Mais les frères Musulmans de M. Mohamed Morsi ont, surtout, envisagé de gérer le pays selon une vision étriquée, oubliant que près de la moitié de l'Egypte ne leur était pas acquise. N'ayant pas l'épaisseur requise pour gérer tout le pays, ils se sont recroquevillés sur eux-mêmes, se contentant de satisfaire leur clientèle.

Ennahdha et le «trou noir» libyen

A l'inverse, les Tunisiens d'Ennahdha semblent avoir, dès le départ, compris le danger. Ils ont choisi de s'allier avec des courants plutôt laïcs, au risque de perdre leur identité. Mais grâce à cette démarche, ils ont pu amortir les attaques frontales de leurs adversaires les plus radicaux. La présence de Moncef Marzouki à leur côté leur a épargné de subir, seuls, les attaques les plus violentes. Ils ont ainsi réussi à traverser, sans trop de dégâts, la crise née de l'assassinat de l'opposant radical Chokri Belaïd.

Pourtant, le parcours d'Ennahdha n'a pas été sans faute. En livrant l'ancien premier ministre libyen, Baghdadi Mahmoudi, au nouveau pouvoir de Tripoli, ils ont commis une faute grave. Leur erreur est apparue dans toute son ampleur quand des informations crédibles ont confirmé que M. Baghdadi a été probablement torturé par les nouveaux maitres de la Libye. Inacceptable pour des hommes qui ont précisément subi la torture sous le régime de Ben Ali.

Pourtant, à la différence des frères Egyptiens, Ennahdha assume son exercice du pouvoir. Quand a sonné l'heure de combattre les jihadistes, le gouvernement Ennahdha l'a fait, et l'a assumé.
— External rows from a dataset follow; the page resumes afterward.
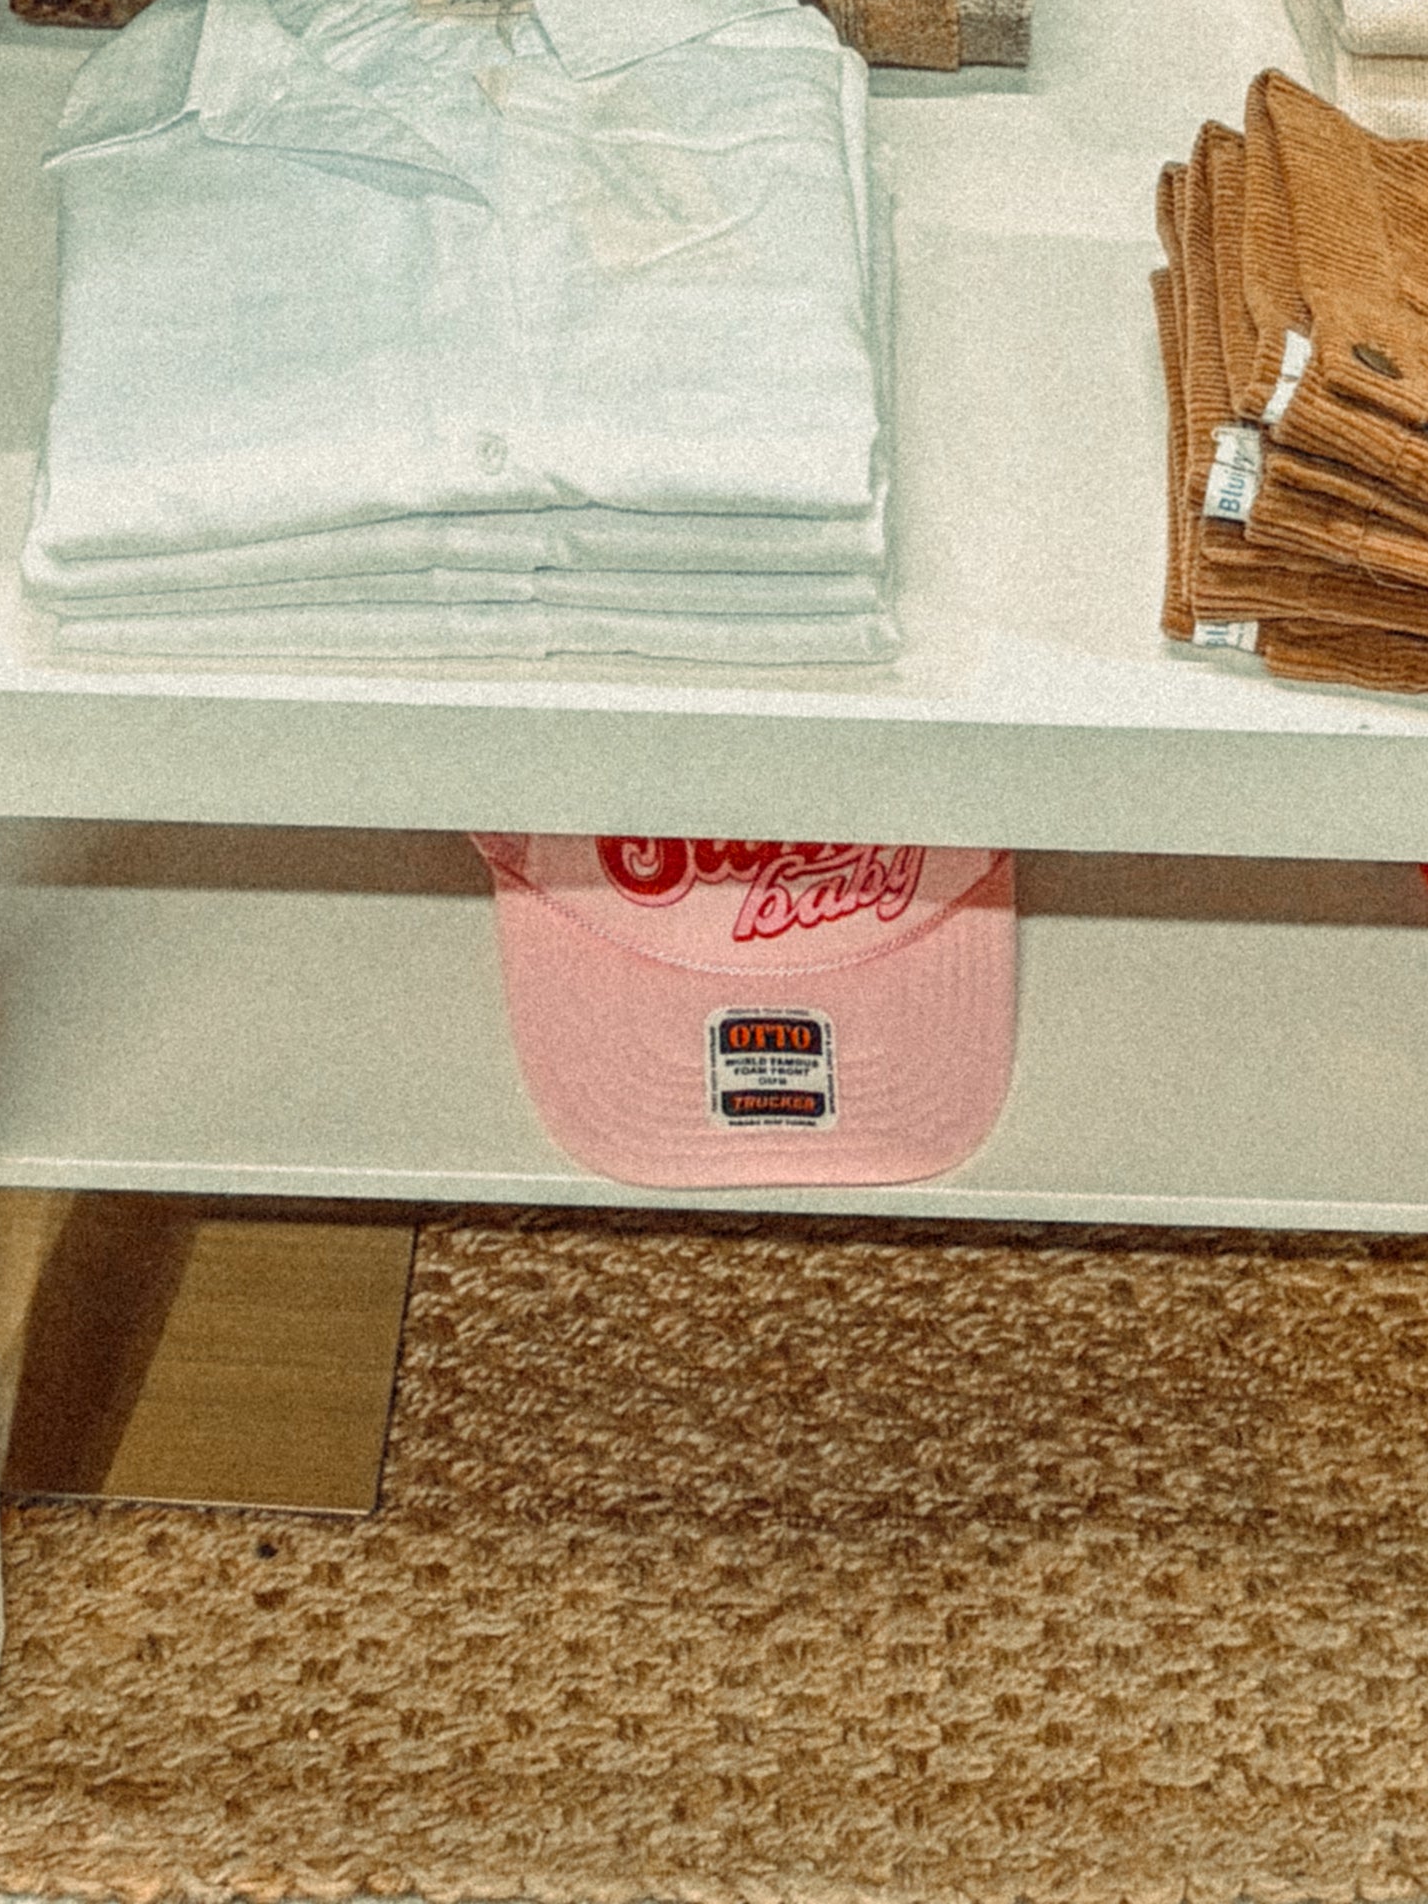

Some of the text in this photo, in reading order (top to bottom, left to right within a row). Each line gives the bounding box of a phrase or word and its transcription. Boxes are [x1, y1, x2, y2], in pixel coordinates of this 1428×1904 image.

[731, 845, 926, 942] baby
[728, 1024, 812, 1050] OTTO
[731, 1095, 817, 1111] TRUCKER
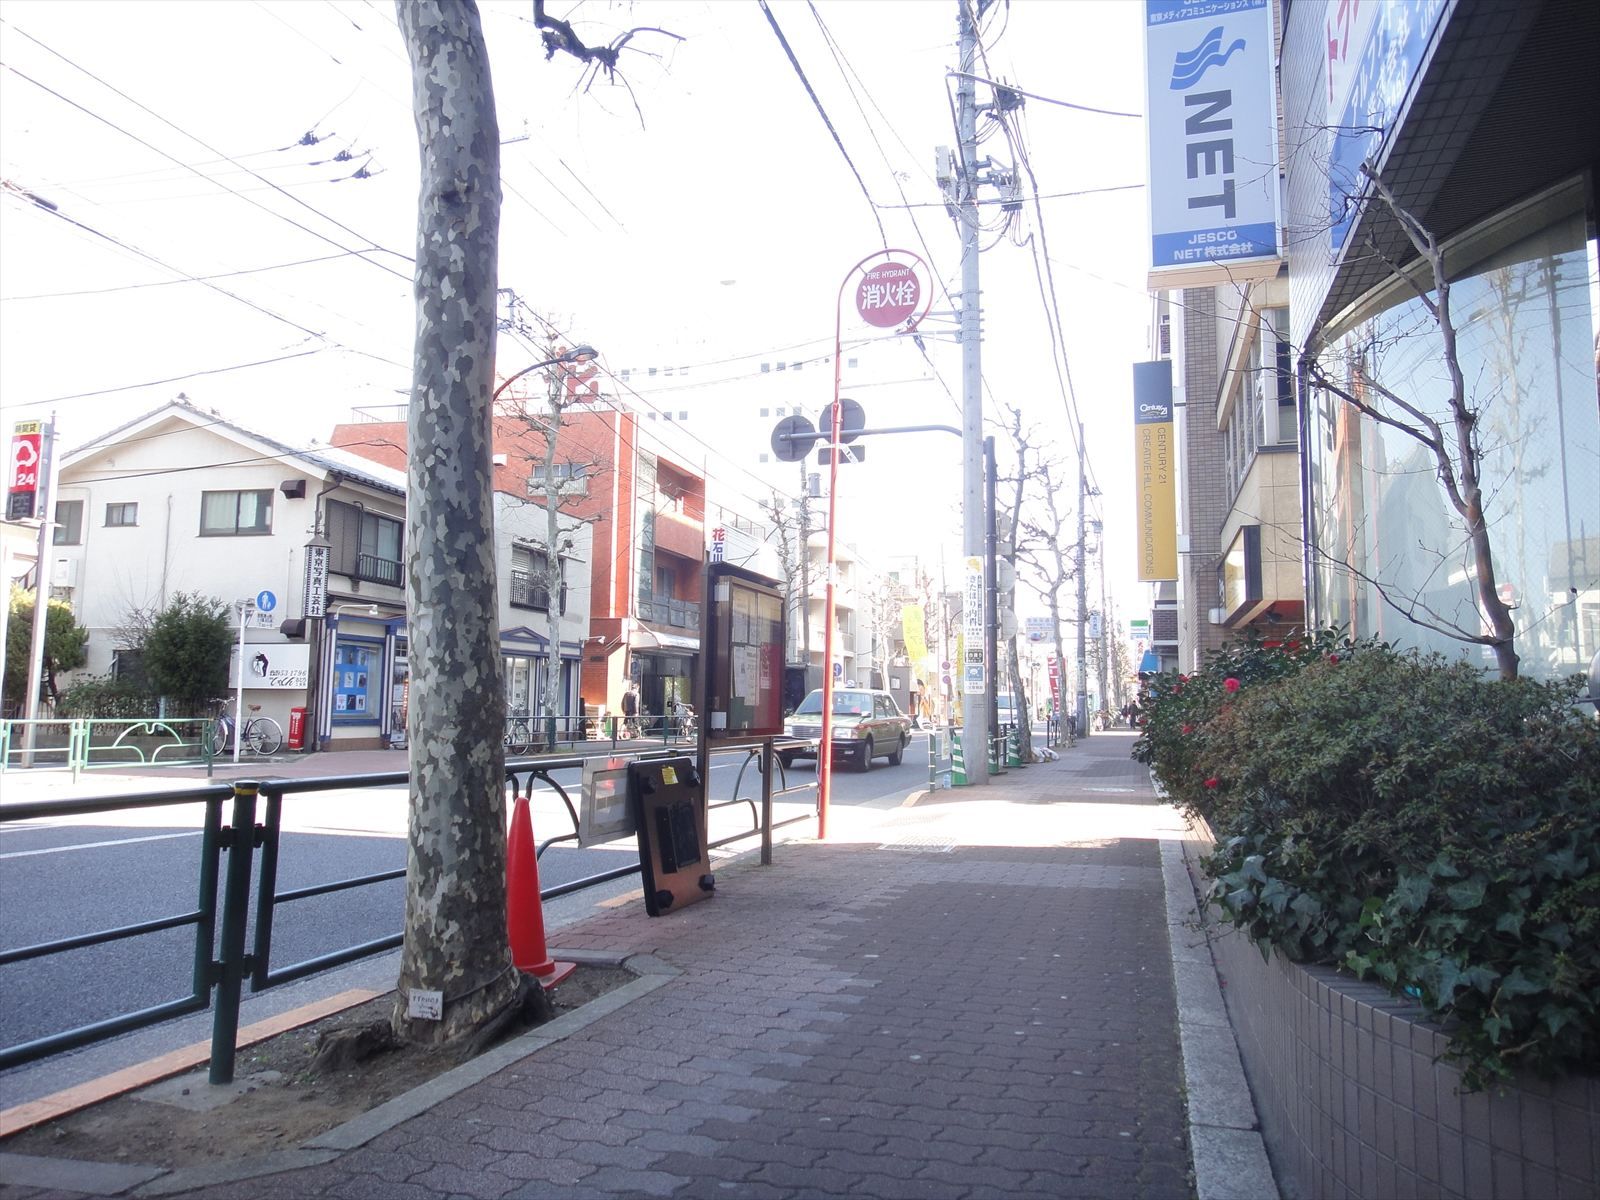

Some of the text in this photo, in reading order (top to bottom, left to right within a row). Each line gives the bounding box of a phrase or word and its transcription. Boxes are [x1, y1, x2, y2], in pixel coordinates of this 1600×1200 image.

[1184, 89, 1236, 219] NET
[1174, 241, 1253, 260] NET 株式会社
[1188, 230, 1238, 245] JESCO
[866, 268, 910, 280] FIRE HYDRANT
[861, 279, 916, 310] 消火栓
[1142, 428, 1152, 471] CREATIVE
[1157, 427, 1167, 472] CENTURY
[17, 473, 35, 486] 24
[1143, 493, 1154, 576] COMMUNICATIONS
[311, 548, 324, 615] 東京写真工芸社
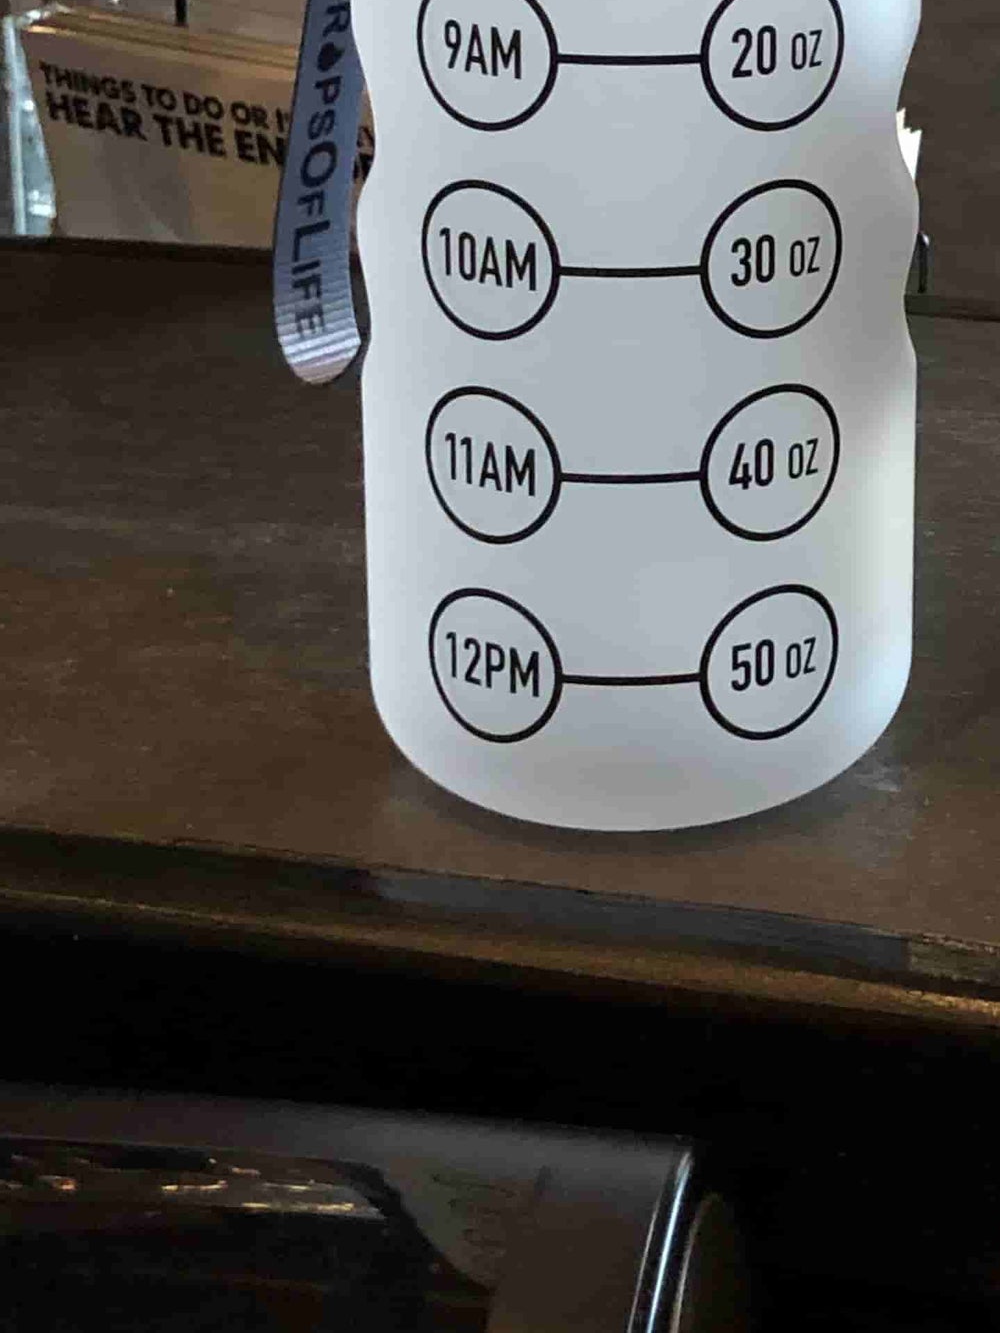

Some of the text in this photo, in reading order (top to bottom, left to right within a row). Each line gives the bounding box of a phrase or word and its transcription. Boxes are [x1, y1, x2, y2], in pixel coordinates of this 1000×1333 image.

[444, 19, 522, 80] 9AM
[731, 25, 777, 79] 20
[39, 60, 137, 103] THINGS
[141, 83, 177, 112] TO
[184, 91, 223, 117] DO
[230, 101, 269, 126] OR
[45, 91, 148, 142] HEAR
[152, 113, 227, 158] THE
[439, 227, 537, 292] 10AM
[730, 234, 776, 287] 30
[444, 432, 536, 497] 11AM
[728, 438, 775, 491] 40
[445, 631, 540, 698] 12PM
[731, 638, 775, 692] 50
En se plaçant dans cette perspective, le parti de Rached Ghannouchi se place comme un parti de pouvoir, dans la durée, et non comme un intermittent qui risque de disparaitre après un tour de piste.

Au Maroc, c'est une réalité totalement différente. Les islamistes du PJD ne veulent surtout pas déranger. Face au poids du makhzen, ils veulent seulement faire profiter leurs réseaux de la rente jusqu'ici réservée à ce makhzen. Ils ne veulent ni instaurer un état islamique, ni islamiser la société. Ils veulent juste être reconnus et respectés, et en tirer quelques dividendes. De ce point de vue, non seulement l'islamisme politique ne constitue pas une menace pour la monarchie marocaine, mais il tend à la consolider, pour espérer en devenir un nouveau pilier. A l'autre extrême, se pose le cas libyen. Dans ce pays, l'islamisme politique n'arrive pas à s'imposer réellement. Il accompagne la dislocation de l'Etat libyen, et se montre incapable de jouer un rôle de fédérateur, pour pallier l'absence de mouvements politiques d'envergure nationale. L'absence d'un Etat, d'une armée structurée, et d'organisations politiques et sociales nationales offrait pourtant un terrain favorable.

Mais les mouvements islamistes libyens hésitent entre prosélytisme, jihadisme et conservatisme social, alors que l'implantation de la confrérie des frères musulmans demeure faible. Ces mouvements « sont dans un trou noir, à l'image de la Libye », selon la formule d'un sociologue, qui se dit « frappé par le peu d'imagination dont ont fait preuve les partis islamistes de gouvernement ».